Reference compounds
For the HPTC-A dataset (DNA/RelA/actin/WCS), we used 44 xenobiotic compounds. The “PTC-toxic” group had 24 nephrotoxicants known to damage human proximal tubular cells (PTCs) in vivo, and the “non-PTC-toxic” group had 12 nephrotoxicants not known to damage PTCs and 8 non-nephrotoxicants [detailed information on the PTC toxicity of most of the compounds can be found in our reports (Li et al. 2014; Kandasamy et al. 2015)]. For the HPTC-B and HK-2 datasets (DNA/γH2AX/actin/WCS), 42 of the compounds were used (excluding lead acetate and hydrocortisone). The compounds were dissolved in either DMSO at a stock concentration of 50 mg/mL, or water at a stock concentration of 10 mg/mL. The full list of reference compounds and their sources, solvents, and known human kidney and liver toxicity are provided in Supplementary Material 1—Table S1.

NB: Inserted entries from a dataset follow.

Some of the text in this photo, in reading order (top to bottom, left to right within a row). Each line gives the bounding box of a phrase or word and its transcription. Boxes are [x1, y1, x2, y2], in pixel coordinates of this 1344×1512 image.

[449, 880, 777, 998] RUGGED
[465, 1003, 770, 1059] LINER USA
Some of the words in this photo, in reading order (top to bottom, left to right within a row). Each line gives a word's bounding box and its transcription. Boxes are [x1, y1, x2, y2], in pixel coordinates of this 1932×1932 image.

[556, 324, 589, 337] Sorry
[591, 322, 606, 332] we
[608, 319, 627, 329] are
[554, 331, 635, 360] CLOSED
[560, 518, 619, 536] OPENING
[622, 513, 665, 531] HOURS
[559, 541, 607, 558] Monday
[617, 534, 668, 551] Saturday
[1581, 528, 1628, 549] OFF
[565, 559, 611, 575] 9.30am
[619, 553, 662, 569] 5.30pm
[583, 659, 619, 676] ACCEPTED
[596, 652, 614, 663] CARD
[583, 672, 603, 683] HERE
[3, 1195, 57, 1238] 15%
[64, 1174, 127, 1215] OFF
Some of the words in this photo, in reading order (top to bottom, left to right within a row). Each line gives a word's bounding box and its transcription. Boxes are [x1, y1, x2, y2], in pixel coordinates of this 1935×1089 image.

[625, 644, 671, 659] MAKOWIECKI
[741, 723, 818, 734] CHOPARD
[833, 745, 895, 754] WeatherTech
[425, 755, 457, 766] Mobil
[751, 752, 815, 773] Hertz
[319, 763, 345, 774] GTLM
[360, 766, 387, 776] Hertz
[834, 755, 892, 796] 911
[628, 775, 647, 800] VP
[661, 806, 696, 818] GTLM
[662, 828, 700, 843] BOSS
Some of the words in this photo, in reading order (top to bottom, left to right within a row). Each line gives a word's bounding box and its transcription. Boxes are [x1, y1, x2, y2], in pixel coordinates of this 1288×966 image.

Cell culture and compound treatment
For both the HPTC-A and HPTC-B datasets, we used three different batches of primary human PTCs from three different donors. Two of them (HPTC1 and HPTC10; Lot #58488852 and #61247356, respectively) were bought from the American Type Culture Collection (ATCC, Manassas, VA, USA). The third batch of cells (HPTC6) was isolated from a human nephrectomy sample (National University Health System, Singapore). Only normal tissues without aberrant pathological changes, as determined by a pathologist, were used. Ethics approvals for the work with primary human kidney samples (DSRB-E/11/143) and cells (NUS-IRB Ref. Code: 09-148E) were obtained. All three batches of primary PTCs were cultured in renal epithelial cell basal medium (ATCC) supplemented with renal epithelial cell growth kit (ATCC) and 1 % penicillin/streptomycin (Gibco, Carlsbad, CA, USA). Only passages (P) 4 and P5 of primary PTCs were used in this study. For the HK-2 dataset, the HK-2 cell line (ATCC) was maintained in Dulbecco’s modified eagle medium (DMEM) supplemented with 10 % fetal bovine serum (FBS; Gibco) and 1 % penicillin/streptomycin.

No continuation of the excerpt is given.